Monday, May 12, 2008

Radio "personality" describes your Third Mate as "an actor and a good guy."

Saturday night, the Orpheum Rising Project Helpers put on a show celebrating questionable talent in order to raise money. The talent was supposed to be "questionable."
It was a Gong Show.
Civic groups, high school drama clubs, woman's basketball teams, and many other organizations that are usually ignored by the "Check for $25. There You Happy?" crowd put on Gong Shows. Based on the teevee show of the same name (created by Our Guiding and Abiding Mentor™ Chuck Barris, whom see), the show is simple and inexpensive to produce and prepare, appealing equally to would-be show-biz egos as well as to would-be show-biz critics, and has just enough sense of legitimacy and "drama" to warrant clearing out at least a part of the barn/art gallery/high school gymnasium for a night.
In my experience, it is unwise and incorrect to answer the question "Was it good?" in any way. Best to just admit that the publicity got the group's name into the media and the admission/donations made it possible to buy more pens for the office.
"Was it good?"
Such a strangely inapt query. Particularly when the idea is, essentially, that it is not supposed to be "good" at all.
"Make sure you listen to Evan on Monday morning," advised Chuck Hauck, O.R.P.H. Inc. President and an organizer of the project. The "Evan" to whom my good friend referred is Evan Rousseau, one of those guys I talk about when I talk about The Tyranny of the Amateur, particularly in local radio.
The way I talk about "radio personalities," you might think that I dislike them all. I dislike what they represent: diminished expectations. In radio, media, culture.
Evan is an associate with whom I enjoy working. He's eager, willing to learn (but not too much), and is ready, willing, and often prepared to ask questions. That's in the real world. I cannot listen to his show on WBSM. Much of the airtime in the SouthCoast is taken up by the people and issues that are comfortable for the hosts and callers, not necessarily the listeners. In Fall River, it's partisan politics and currently, public housing. In New Bedford, it's partisan politics and brownfield sites. Those are the issues that have carved a generous rut into the community radio discourse. At the expense of art, music, and culture. It is not, as I often tell myself and artists, that nobody cares about our exhibits or presentations. It is that the discourse is skewed and the hosts and callers do not have the ready vocabulary for discussion of those topics. (Their "ready vocabulary" usually includes terms like "tax-and-spend liberals" or "crimmigrants.")
This morning, I caught Evan talking about The O.R.P.H. Inc. Gong Show.
If I were a fool, I would say that it was an ego thing, because being a judge at the show gave him a handy excuse to talk about himself. But that's not it. Yes, he described me in the terms above, maybe because we have shared a stage before.
But he reported the Big Story of the night, describing how the winner, 6 year-old guitar prodigy Thatch Harrison, handed his $100 prize back to me saying, "I want to give this back to the theatre."
And that's what I think the whole night was about.
We all gave something back to the theatre.

4 comments:

karie said...

Whether or not it was "good," is, as you point out, unimportant. What matters is that it was silly-FUN, and it raised money and awareness. It was for an honorable project.
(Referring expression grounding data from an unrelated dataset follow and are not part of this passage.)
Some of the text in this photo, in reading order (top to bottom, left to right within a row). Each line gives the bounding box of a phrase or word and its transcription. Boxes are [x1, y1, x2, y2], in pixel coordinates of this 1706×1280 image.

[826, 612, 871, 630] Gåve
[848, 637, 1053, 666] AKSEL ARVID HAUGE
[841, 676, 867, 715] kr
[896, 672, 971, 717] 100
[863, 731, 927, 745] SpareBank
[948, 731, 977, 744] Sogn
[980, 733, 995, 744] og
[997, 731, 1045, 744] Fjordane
Personally, I am looking forward to the restoration of the Orpheum's famous "ballroom" so we can all get dressed up and go dancing!!

hgranger said...

And thank you for being such a wonderful host for the evening!

bitterandrew said...

Glad to hear it went well!

Do you plan on keeping the quotation marks around your given name? I would.

ThirdMate said...

A host is only as good as his guests, hgranger

Actually, bitterandrew, it was planned that someone else would be portraying me as host.
I just got called in at the last moment.